The first of these regimes was the Japanese colonial government in Taiwan, the target of all political opposition movements in the island. In the context of rising fascism in the Japanese home islands, the authorities conducted a sweep of Taiwan’s communist activists in 1931. This destroyed the Taiwanese party. Arrested, imprisoned, and subsequently sentenced on charges of threats to public security, Hsieh spent the next nine years in jail.
The Japanese were replaced in 1945 by China’s Nationalist Party, which established a heavy-handed administration on the island, thoroughly alienating the locals. On 27 February 1947, a conflict between tax agents and a cigarette dealer met with protests. A brutal crackdown on 28 February led to an island-wide uprising that was eventually suppressed with great violence.
The insurgency unfolded in various ways across the island. In Taichung, near to her hometown on the central west coat, Hsieh, a known activist and political organiser, chaired a protest rally calling for self-government and played a key role in dismantling Nationalist Party authority in the city.
Taichung’s few days of independence are associated with three principles set down by her: protect mainlanders; protect public property; place weapons “in the hands of the people”.
Her name is also connected with the formation of the Twenty-Seventh Militia Corps, an armed force of 4,000 men meant to provide organised defence against the Nationalist forces. Between the things she actually did and the things she was blamed for doing, a legend grew up around her. With the collapse of the resistance on 9 May, a price was put on her head, and she fled the island.
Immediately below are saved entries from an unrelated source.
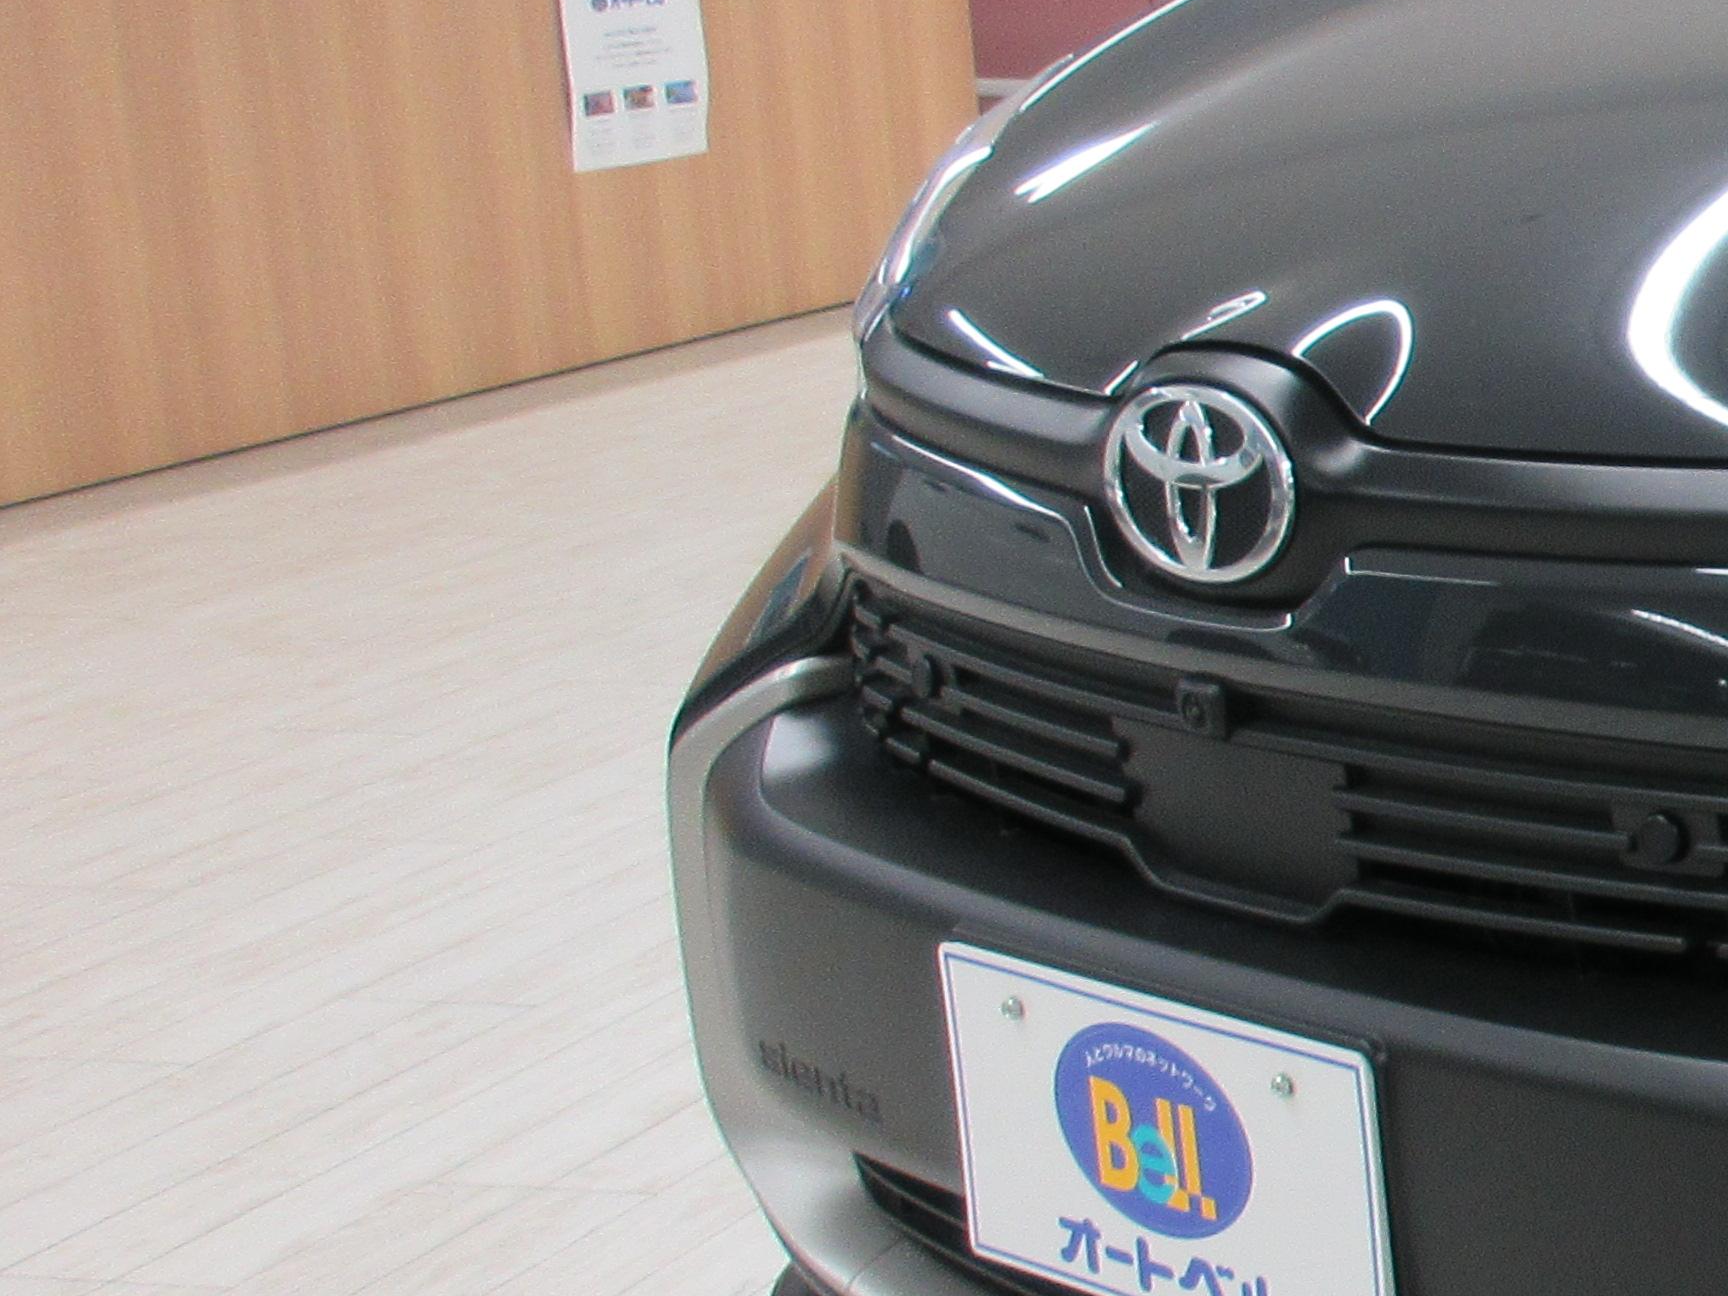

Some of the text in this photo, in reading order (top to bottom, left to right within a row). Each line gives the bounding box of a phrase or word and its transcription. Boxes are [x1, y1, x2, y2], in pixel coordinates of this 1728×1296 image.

[1085, 1042, 1217, 1112] 人とクルマのネットワーク
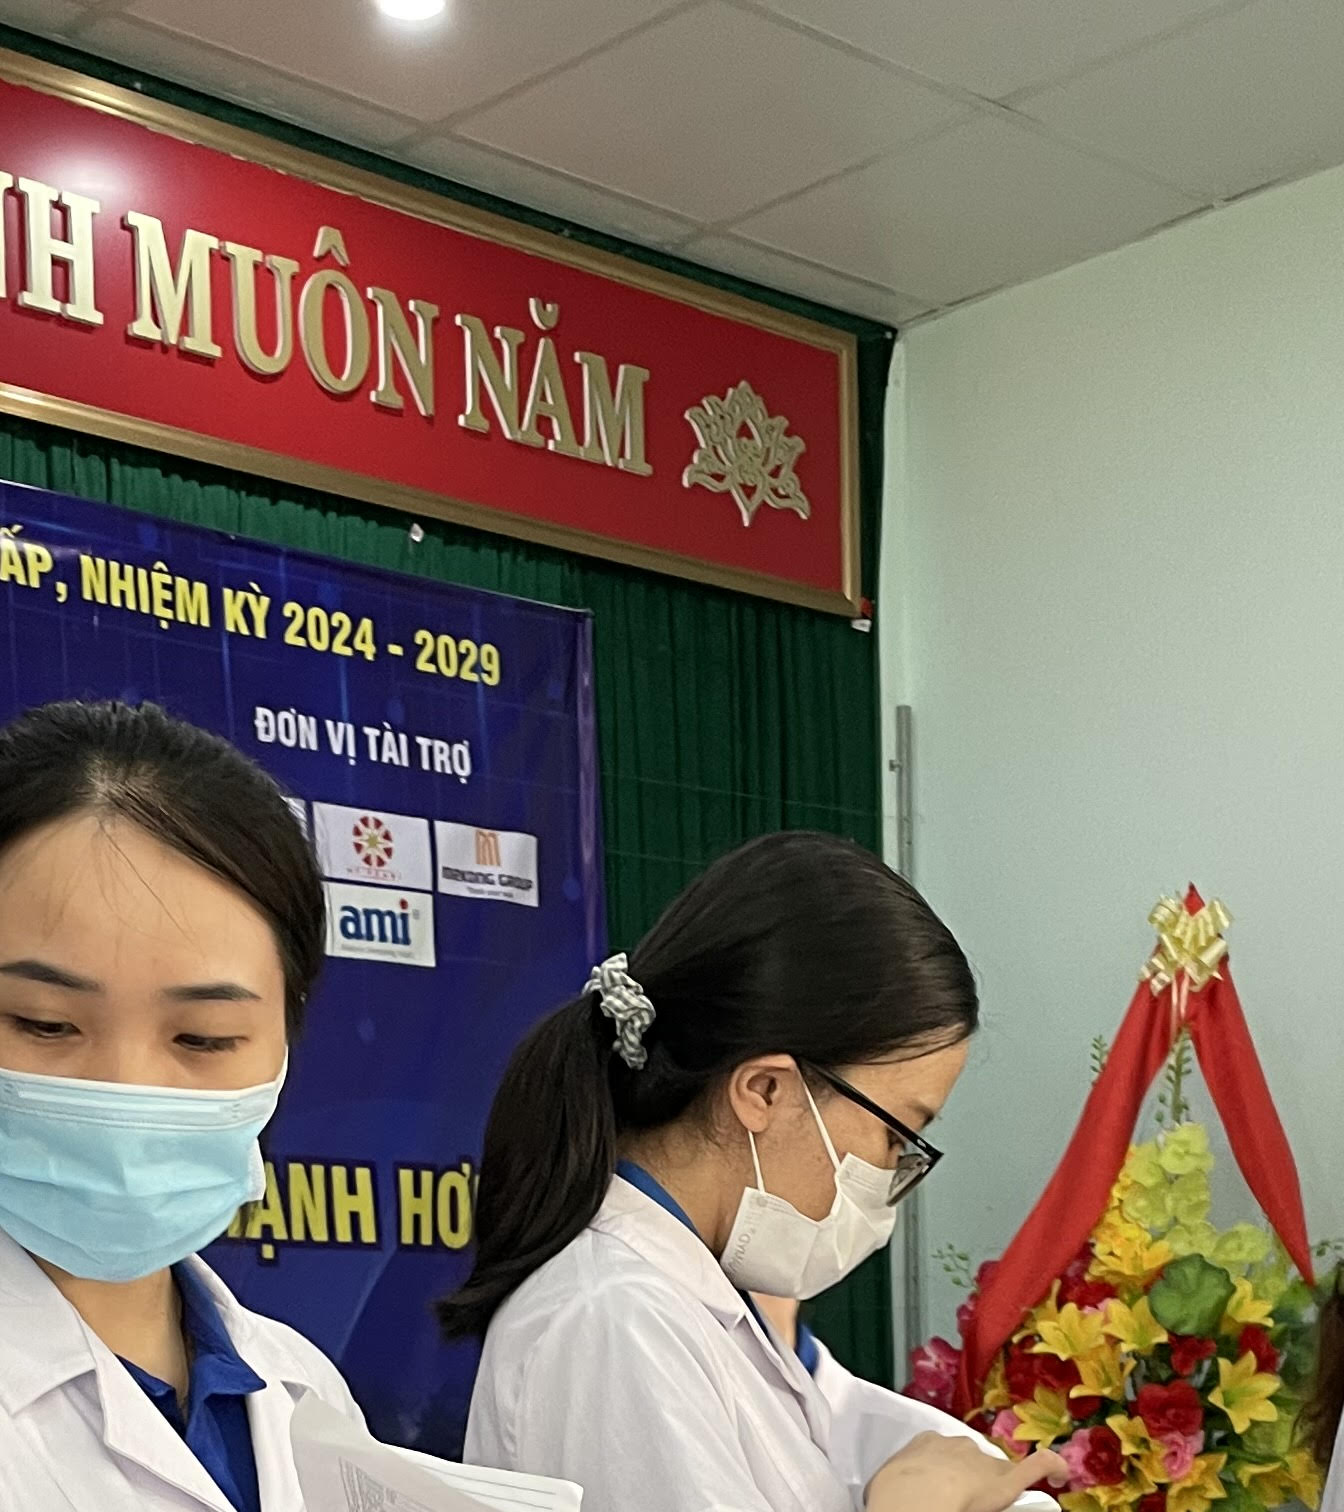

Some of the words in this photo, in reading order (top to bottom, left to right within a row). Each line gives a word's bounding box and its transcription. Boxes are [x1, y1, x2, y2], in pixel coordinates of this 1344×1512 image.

[126, 227, 440, 419] MUÔN
[457, 297, 653, 477] NĂM
[81, 561, 212, 632] NHIỆM
[222, 571, 274, 639] KỲ
[283, 601, 377, 665] 2024
[416, 627, 502, 687] 2029
[254, 706, 318, 751] ĐƠN
[325, 719, 356, 765] VỊ
[363, 722, 409, 767] TÀI
[415, 735, 472, 784] TRỢ
[340, 899, 412, 946] ami
[228, 1161, 377, 1260] ẠNH
[399, 1162, 480, 1249] HƠ
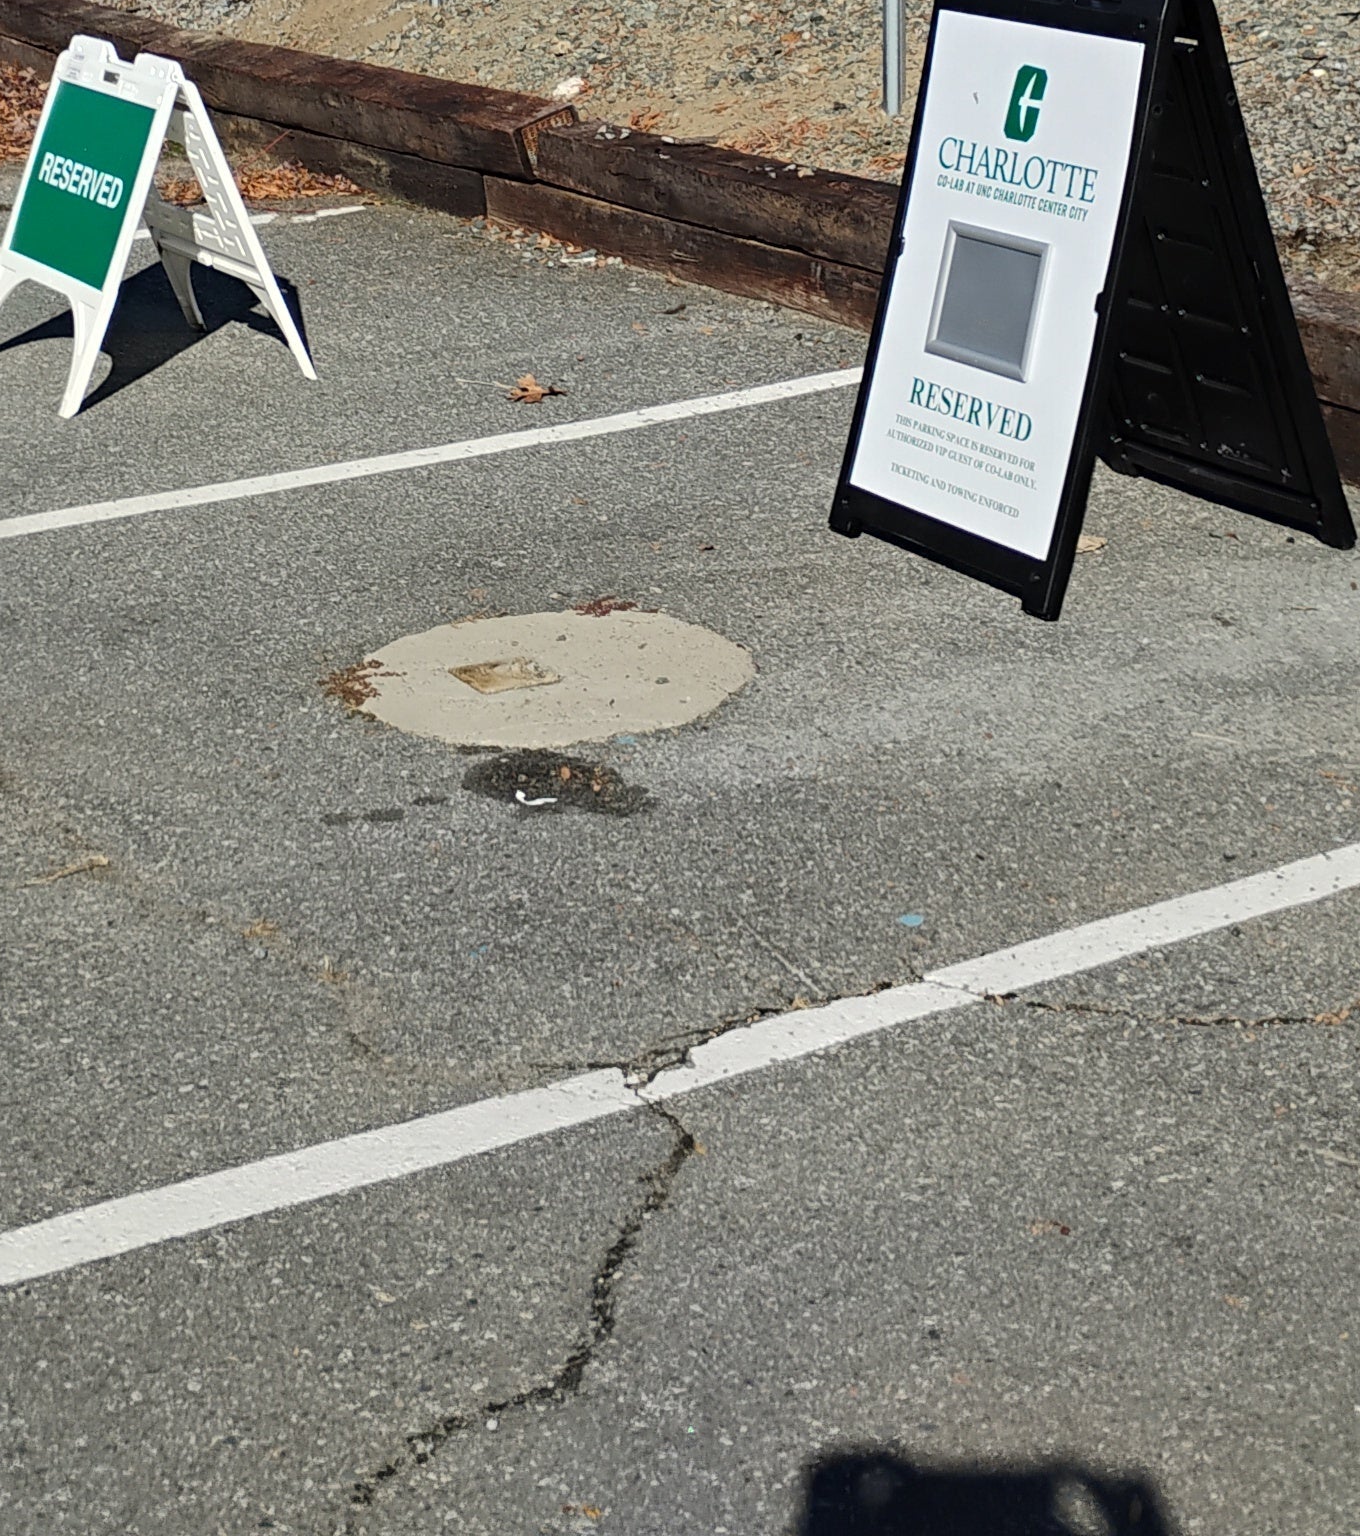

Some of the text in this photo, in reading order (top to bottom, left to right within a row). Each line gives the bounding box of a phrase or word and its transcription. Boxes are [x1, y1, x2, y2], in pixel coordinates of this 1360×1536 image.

The last part of Hsieh’s life, a period of more than 20 years, was passed entirely on the mainland, where unaccountably she found herself in conflict with yet a third regime, the Chinese Communist Party. Present with other communist leaders at the declaration of the founding of the People’s Republic of China, she was appointed to a number of official positions in the early 1950s, including chair of the Taiwan Democratic Self-Government Alliance.
The honeymoon was short-lived. She modified her position on Taiwanese independence to accommodate new political realities in the region, but never quite to the Party’s satisfaction. In 1952 she was attacked for lack of humility before the Party and for murky political thinking in relation to Taiwan.
In 1957 she was attacked again, and declared a “rightist”, losing her positions and her party membership. In the Cultural Revolution, she was attacked once more, this time physically. A photo provided to her biographer, now widely published on the internet, shows her in the hands of Red Guards in 1968. She died in Beijing in 1970, of lung cancer.
Emotionally, Hsieh shared most of her life and her mission with fellow-Taiwanese Yang K’o-huang, who was imprisoned with her in 1931, worked with her in a small business during the war years, and accompanied her to the mainland. The couple were never legally married: Yang had another family. But in the People’s Republic of China they lived together through the few good years and the many bad until her death. Her final words to him were that he should maintain the struggle: “the final victory will go to the people of Taiwan.”
In 1986, the Party decided to rehabilitate Hsieh. A short biographical statement written for the rehabilitation formalities included mention of her “deviations and errors” but conceded that she had “opposed invasion by outsiders” and had shown a spirit of struggle for “the realisation of the unification of the ancestral land.”
Left unchallenged, the rehabilitation statement might have defined her legacy. In 1991, however, a biography of her appeared in Taiwan. The author, long-time political dissident Chen Fang-ming, offered readers a portrait of Hsieh as a life-long champion of Taiwanese self-determination, whose tenacity and courage in face of political persecution put male political actors of her generation to shame. Widely read and influential, this biography effectively reclaimed Hsieh for Taiwan.